*Instructions for the task*
Look for "this 1920×600 image." in the entries below. Then write out exactly the line that holds it and every line after it, to the last, and nothing else.
[Opening Input data section]
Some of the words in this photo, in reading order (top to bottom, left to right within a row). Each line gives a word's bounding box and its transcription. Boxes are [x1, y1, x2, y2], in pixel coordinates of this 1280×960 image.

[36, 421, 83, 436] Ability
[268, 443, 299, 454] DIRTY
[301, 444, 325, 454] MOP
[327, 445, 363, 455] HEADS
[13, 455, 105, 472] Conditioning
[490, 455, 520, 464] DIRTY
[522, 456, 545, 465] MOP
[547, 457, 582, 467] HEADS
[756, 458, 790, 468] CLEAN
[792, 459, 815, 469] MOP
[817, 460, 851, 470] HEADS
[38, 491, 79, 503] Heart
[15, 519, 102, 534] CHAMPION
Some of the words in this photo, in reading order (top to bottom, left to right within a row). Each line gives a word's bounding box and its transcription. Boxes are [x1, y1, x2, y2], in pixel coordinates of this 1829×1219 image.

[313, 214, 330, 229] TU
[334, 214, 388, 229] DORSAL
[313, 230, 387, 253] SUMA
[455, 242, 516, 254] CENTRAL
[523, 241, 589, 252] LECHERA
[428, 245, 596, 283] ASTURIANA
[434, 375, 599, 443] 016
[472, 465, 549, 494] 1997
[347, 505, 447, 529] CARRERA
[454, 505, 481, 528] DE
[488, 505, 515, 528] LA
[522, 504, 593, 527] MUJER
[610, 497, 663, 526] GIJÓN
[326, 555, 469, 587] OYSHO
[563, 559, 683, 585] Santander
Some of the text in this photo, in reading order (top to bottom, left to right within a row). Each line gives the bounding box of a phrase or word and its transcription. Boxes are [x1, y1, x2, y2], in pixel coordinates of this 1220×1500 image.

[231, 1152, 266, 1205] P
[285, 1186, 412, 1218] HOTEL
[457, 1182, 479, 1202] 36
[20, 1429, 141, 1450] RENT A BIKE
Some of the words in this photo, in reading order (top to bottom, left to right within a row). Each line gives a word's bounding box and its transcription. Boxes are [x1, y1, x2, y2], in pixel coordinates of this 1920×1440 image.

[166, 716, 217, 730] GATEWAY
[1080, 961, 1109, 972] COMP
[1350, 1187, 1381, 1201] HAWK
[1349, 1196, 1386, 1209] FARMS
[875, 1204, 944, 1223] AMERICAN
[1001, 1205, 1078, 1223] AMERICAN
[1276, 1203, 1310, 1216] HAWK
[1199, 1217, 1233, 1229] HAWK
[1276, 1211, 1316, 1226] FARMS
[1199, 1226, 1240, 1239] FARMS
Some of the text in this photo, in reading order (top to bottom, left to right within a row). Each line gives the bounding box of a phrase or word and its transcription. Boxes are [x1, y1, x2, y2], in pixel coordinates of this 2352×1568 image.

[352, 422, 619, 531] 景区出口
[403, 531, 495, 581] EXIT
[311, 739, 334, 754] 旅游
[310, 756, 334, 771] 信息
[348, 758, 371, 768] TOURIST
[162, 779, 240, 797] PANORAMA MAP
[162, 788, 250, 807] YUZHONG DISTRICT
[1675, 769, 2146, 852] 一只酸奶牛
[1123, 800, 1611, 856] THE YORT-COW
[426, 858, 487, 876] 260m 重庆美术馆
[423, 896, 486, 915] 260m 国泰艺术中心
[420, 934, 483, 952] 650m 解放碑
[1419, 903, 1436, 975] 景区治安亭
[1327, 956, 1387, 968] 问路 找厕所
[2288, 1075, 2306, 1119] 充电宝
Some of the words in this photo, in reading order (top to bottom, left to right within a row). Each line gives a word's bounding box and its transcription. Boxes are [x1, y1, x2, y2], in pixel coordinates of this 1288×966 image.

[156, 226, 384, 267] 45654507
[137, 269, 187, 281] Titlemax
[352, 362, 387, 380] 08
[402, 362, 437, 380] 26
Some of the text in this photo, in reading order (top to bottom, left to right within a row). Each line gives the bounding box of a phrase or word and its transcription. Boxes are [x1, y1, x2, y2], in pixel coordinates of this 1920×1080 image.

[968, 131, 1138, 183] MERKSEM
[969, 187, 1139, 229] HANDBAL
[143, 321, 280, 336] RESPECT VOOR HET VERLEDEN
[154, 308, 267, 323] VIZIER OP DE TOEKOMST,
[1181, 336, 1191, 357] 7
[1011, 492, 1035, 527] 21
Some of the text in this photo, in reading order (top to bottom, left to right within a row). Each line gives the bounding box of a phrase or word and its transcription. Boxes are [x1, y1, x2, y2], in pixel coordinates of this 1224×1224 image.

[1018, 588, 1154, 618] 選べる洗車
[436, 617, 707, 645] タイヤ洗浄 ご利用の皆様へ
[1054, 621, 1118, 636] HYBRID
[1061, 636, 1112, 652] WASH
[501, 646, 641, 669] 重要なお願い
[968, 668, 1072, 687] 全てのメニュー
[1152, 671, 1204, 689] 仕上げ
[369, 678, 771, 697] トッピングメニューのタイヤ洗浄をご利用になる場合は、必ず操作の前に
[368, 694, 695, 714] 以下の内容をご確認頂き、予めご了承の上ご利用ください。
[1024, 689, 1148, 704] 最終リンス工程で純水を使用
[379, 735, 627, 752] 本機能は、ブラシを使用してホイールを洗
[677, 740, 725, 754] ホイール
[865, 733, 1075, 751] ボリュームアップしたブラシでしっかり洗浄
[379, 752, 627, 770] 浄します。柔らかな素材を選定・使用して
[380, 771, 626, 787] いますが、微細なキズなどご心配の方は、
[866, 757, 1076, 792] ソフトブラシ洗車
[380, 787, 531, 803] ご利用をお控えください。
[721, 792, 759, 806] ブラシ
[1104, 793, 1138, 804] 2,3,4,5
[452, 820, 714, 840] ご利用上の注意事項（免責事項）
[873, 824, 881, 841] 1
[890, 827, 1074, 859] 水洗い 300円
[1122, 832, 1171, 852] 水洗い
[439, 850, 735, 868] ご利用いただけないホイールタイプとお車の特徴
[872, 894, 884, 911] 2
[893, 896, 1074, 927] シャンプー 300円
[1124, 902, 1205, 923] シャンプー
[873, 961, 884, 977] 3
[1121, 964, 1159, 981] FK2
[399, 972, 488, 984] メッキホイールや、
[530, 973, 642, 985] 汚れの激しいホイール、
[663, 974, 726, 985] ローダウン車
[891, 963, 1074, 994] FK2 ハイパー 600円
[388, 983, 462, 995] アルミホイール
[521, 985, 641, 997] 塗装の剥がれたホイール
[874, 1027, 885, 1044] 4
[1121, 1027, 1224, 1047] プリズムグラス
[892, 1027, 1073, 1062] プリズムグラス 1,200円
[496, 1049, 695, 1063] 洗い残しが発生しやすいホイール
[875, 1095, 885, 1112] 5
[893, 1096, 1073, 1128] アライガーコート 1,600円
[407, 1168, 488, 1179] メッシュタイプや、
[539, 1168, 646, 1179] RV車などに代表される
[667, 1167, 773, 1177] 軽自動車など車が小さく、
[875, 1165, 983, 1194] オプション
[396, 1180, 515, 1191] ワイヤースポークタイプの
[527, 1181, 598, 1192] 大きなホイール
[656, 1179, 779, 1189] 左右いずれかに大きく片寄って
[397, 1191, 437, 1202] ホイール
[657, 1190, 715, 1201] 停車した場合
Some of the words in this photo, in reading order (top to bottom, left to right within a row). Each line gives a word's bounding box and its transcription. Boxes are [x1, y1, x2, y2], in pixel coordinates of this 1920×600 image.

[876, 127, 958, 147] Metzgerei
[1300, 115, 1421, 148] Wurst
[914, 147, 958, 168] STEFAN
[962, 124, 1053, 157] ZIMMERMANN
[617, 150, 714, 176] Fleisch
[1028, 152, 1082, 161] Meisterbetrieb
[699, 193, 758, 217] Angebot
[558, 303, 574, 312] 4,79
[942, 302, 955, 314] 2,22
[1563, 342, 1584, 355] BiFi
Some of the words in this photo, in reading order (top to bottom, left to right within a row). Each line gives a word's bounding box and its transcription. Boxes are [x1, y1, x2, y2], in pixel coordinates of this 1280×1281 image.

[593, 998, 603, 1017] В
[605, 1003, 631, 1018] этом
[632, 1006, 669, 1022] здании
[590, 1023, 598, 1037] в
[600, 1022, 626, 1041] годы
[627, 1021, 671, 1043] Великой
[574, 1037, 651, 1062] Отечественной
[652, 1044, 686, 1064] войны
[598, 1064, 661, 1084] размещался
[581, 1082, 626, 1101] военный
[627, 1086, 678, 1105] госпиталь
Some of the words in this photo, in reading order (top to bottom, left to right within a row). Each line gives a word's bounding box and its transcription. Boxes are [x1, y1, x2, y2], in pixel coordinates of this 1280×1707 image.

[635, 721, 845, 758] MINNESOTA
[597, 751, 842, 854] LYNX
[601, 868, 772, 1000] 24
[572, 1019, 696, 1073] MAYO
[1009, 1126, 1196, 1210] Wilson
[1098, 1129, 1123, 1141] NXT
[Closing Input data section]
*Output for this task*
Some of the words in this photo, in reading order (top to bottom, left to right within a row). Each line gives a word's bounding box and its transcription. Boxes are [x1, y1, x2, y2], in pixel coordinates of this 1920×600 image.

[876, 127, 958, 147] Metzgerei
[1300, 115, 1421, 148] Wurst
[914, 147, 958, 168] STEFAN
[962, 124, 1053, 157] ZIMMERMANN
[617, 150, 714, 176] Fleisch
[1028, 152, 1082, 161] Meisterbetrieb
[699, 193, 758, 217] Angebot
[558, 303, 574, 312] 4,79
[942, 302, 955, 314] 2,22
[1563, 342, 1584, 355] BiFi
Some of the words in this photo, in reading order (top to bottom, left to right within a row). Each line gives a word's bounding box and its transcription. Boxes are [x1, y1, x2, y2], in pixel coordinates of this 1280×1281 image.

[593, 998, 603, 1017] В
[605, 1003, 631, 1018] этом
[632, 1006, 669, 1022] здании
[590, 1023, 598, 1037] в
[600, 1022, 626, 1041] годы
[627, 1021, 671, 1043] Великой
[574, 1037, 651, 1062] Отечественной
[652, 1044, 686, 1064] войны
[598, 1064, 661, 1084] размещался
[581, 1082, 626, 1101] военный
[627, 1086, 678, 1105] госпиталь
Some of the words in this photo, in reading order (top to bottom, left to right within a row). Each line gives a word's bounding box and its transcription. Boxes are [x1, y1, x2, y2], in pixel coordinates of this 1280×1707 image.

[635, 721, 845, 758] MINNESOTA
[597, 751, 842, 854] LYNX
[601, 868, 772, 1000] 24
[572, 1019, 696, 1073] MAYO
[1009, 1126, 1196, 1210] Wilson
[1098, 1129, 1123, 1141] NXT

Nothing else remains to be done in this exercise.